Admin Emeritus & Elite Member
Jan 26, 2000
50,879
4,267
126
Make people who are on medicaid work and become educated while on it. No more benefits for children except for food and clothing. No cash, no stamps. A card for each person which limits what can be purchased. No alternator size tenderloins. No HDTVs.

Watch what happens then.
 

Fern

Elite Member
Sep 30, 2003
26,907
173
106
If living on welfare is so awesome, why wouldnt everybody do it?
-snip-

I think some people are perfectly fine taking welfare, even if they must game the system to do so. Others would be embarrassed or ashamed to be on it. I don't know if it's properly described as 'principals', or 'culture' or what.
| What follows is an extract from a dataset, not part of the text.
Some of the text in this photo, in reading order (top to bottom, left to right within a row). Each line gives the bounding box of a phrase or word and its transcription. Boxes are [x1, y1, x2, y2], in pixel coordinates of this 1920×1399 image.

I've seen many examples of people who are perfectly fine with claiming disability (and the gov benefits) then turn around and try to get work under the table (or off the books) to augment the disability benefits.
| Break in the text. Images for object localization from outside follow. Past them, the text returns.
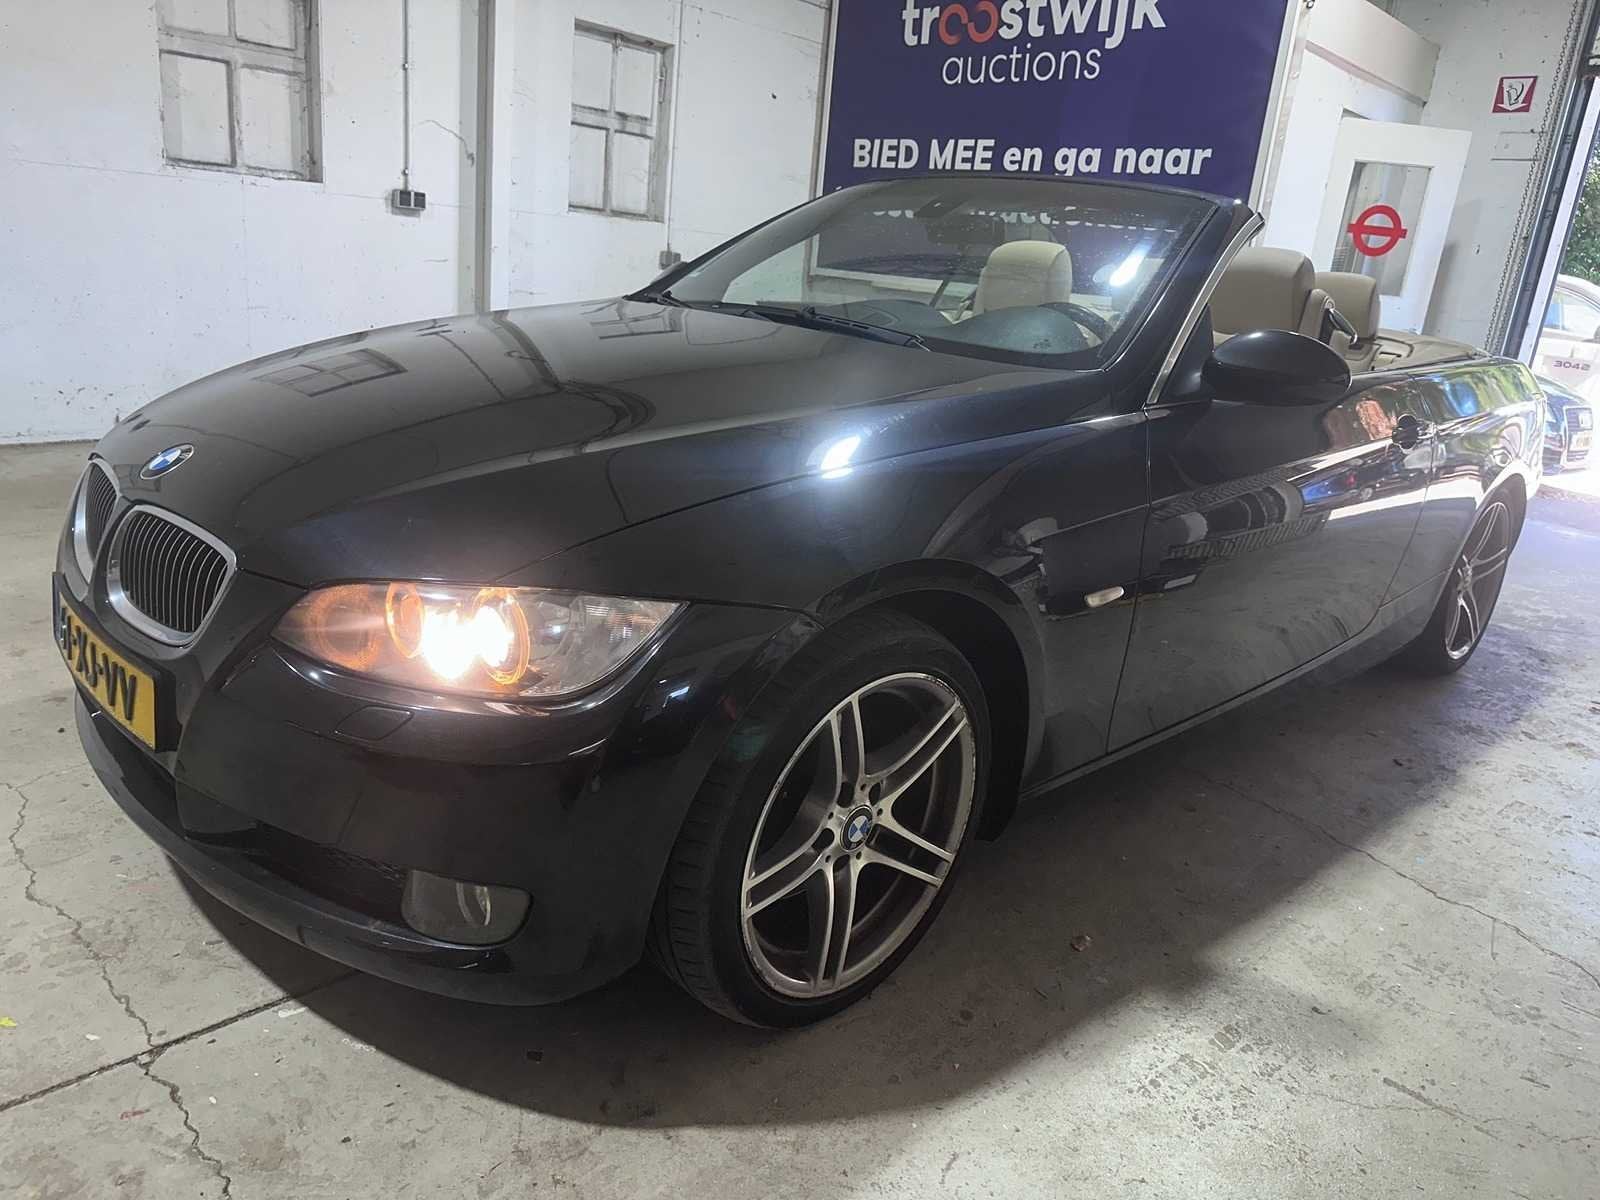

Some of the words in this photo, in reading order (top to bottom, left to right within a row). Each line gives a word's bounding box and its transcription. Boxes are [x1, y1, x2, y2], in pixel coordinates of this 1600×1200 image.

[902, 0, 1167, 49] troostwijk
[942, 43, 1102, 84] auctions
[853, 139, 919, 169] BIED
[928, 139, 995, 171] MEE
[1003, 146, 1042, 172] en
[1055, 148, 1102, 176] ga
[1112, 147, 1212, 175] naar
I've seen plenty of people who game the system. Almost all small business have cycles. Some owners will lay off themselves or their wife/family member so they can collect unemployment benefits. Of course that person remains working, just not getting an official paycheck. Some will lay themselves off and go do self-employed type contracting work that is never reported.
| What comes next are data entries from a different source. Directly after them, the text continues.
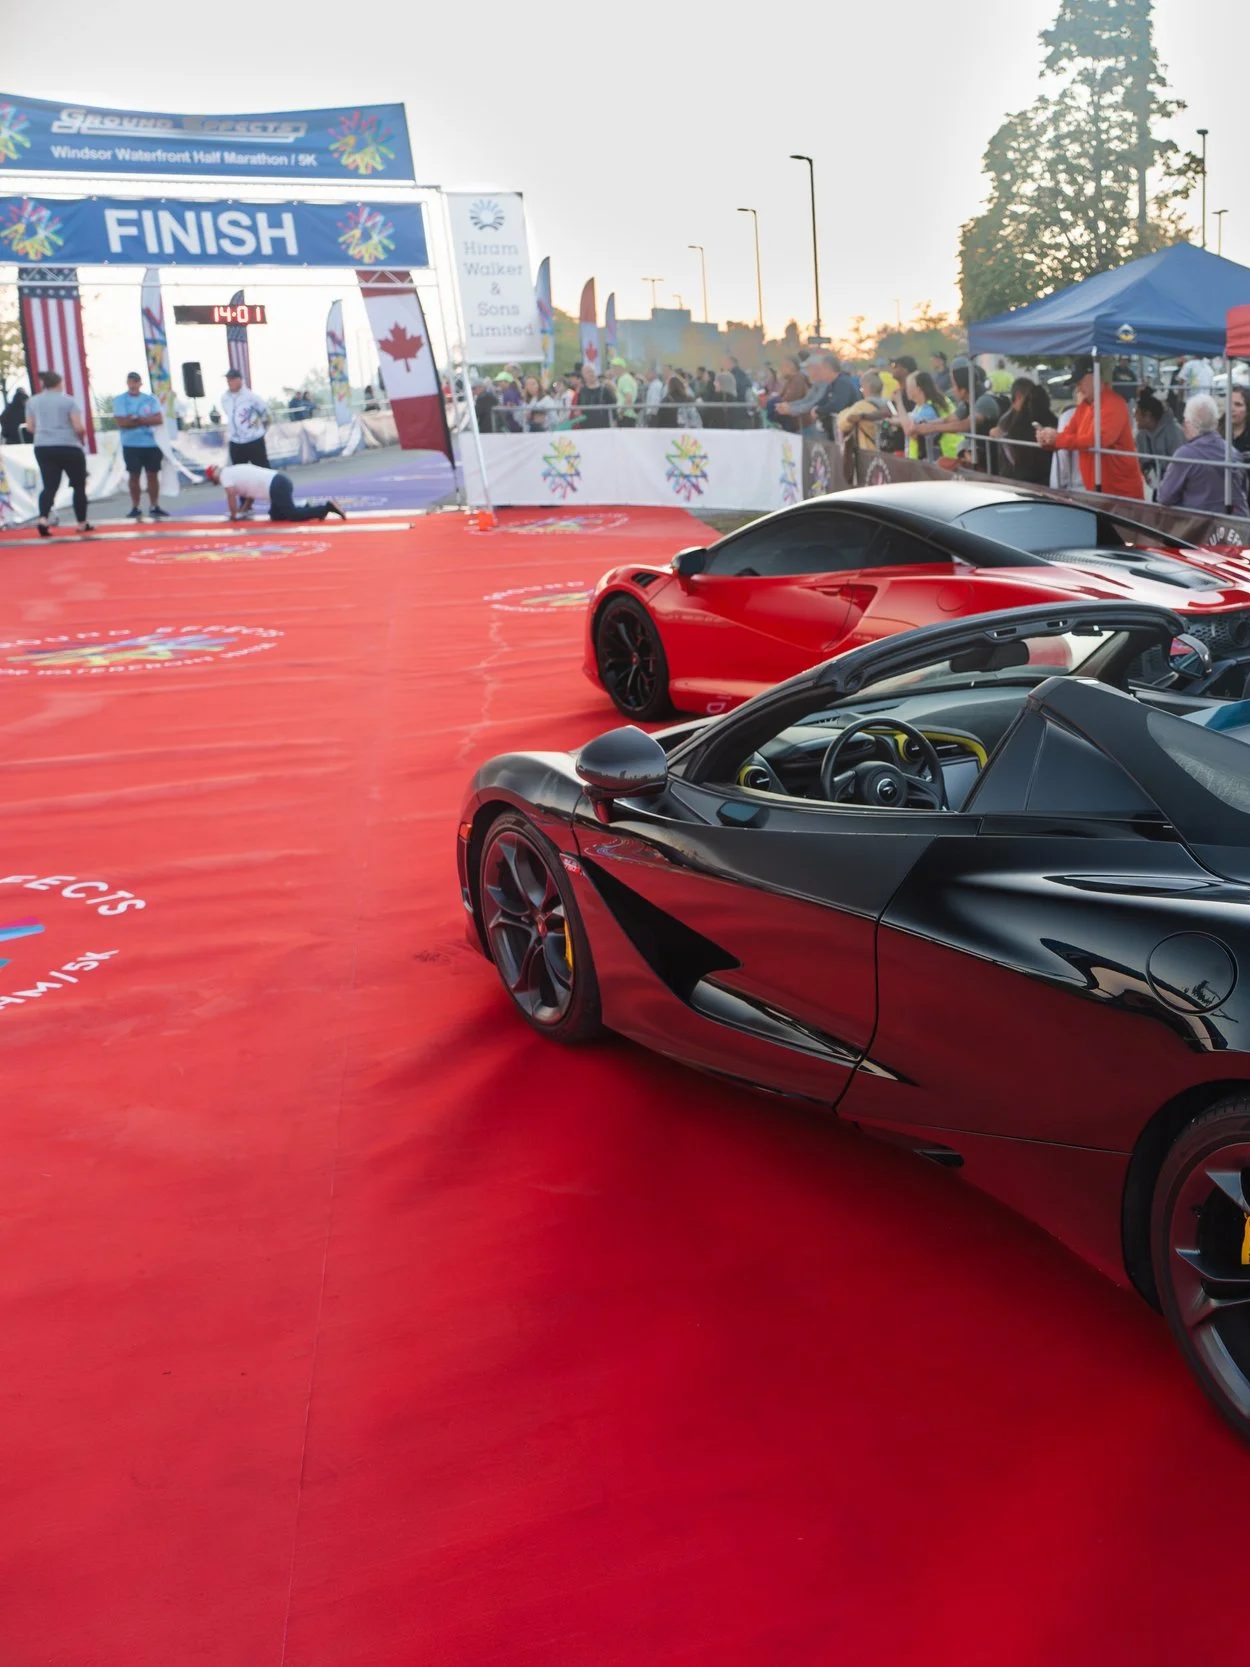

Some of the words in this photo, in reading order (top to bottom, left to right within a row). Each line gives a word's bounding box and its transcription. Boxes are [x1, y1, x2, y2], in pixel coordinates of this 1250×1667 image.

[51, 145, 112, 161] Windsor
[115, 147, 191, 163] Waterfront
[194, 150, 223, 163] Half
[224, 151, 289, 166] Marathon
[298, 153, 318, 166] 5K
[104, 208, 299, 256] FINISH
[463, 241, 519, 256] Hiram
[463, 261, 523, 276] Walker
[490, 281, 501, 296] &
[477, 300, 520, 316] Sons
[469, 323, 535, 338] Limited
[0, 875, 146, 916] FECTS
I've seen couples with children who remain unmarried specifically to get benefits. The 'husband' has a decent paying job and the 'wife' remains unemployed. She claims the kids (not him) thus gets good welfare benefits all the while living in a nice home the 'husband' pays for from his salary.
---------------

As to OP's point - yes, this has been for a long time. It's not hard to see that if make benefits good enough some will choose that over employment. And some will claim the benefits then go work on the side receiving unreported money.

Fern
 

dmcowen674

No Lifer
Oct 13, 1999
54,889
47
91
www.alienbabeltech.com
The poor don't work because it doesn't make economic sense to hold a job

I'm not much of a numbers guy so I can't claim to have fact checked the below, but it's interesting if true. Sort of dovetails with how Clinton's welfare reform actually lowered the number of people using the system.

Crazybear's blog - The poor don't work because they are economically rational

With transportation costs getting to a job going through the roof I can understand why a lot of people have given up.

Can you blame someone who makes $8 an hour when it costs half of that for one gallon of fuel?
 

JSt0rm

Lifer
Sep 5, 2000
27,399
3,947
126
I think some people are perfectly fine taking welfare, even if they must game the system to do so. Others would be embarrassed or ashamed to be on it. I don't know if it's properly described as 'principals', or 'culture' or what.

I've seen many examples of people who are perfectly fine with claiming disability (and the gov benefits) then turn around and try to get work under the table (or off the books) to augment the disability benefits.

I've seen plenty of people who game the system. Almost all small business have cycles. Some owners will lay off themselves or their wife/family member so they can collect unemployment benefits. Of course that person remains working, just not getting an official paycheck. Some will lay themselves off and go do self-employed type contracting work that is never reported.

I've seen couples with children who remain unmarried specifically to get benefits. The 'husband' has a decent paying job and the 'wife' remains unemployed. She claims the kids (not him) thus gets good welfare benefits all the while living in a nice home the 'husband' pays for from his salary.
---------------

As to OP's point - yes, this has been for a long time. It's not hard to see that if make benefits good enough some will choose that over employment. And some will claim the benefits then go work on the side receiving unreported money.

Fern

got any more of these ideas :cool:
 

ShawnD1

Lifer
May 24, 2003
15,987
2
81
With transportation costs getting to a job going through the roof I can understand why a lot of people have given up.

Can you blame someone who makes $8 an hour when it costs half of that for one gallon of fuel?
They could try riding the bus.

I have a good job, i own a car, but i still bus to work. The only people who cant are rich fucks in the suburbs or guys making 80k per year at some chemical plant or refinery outside of town.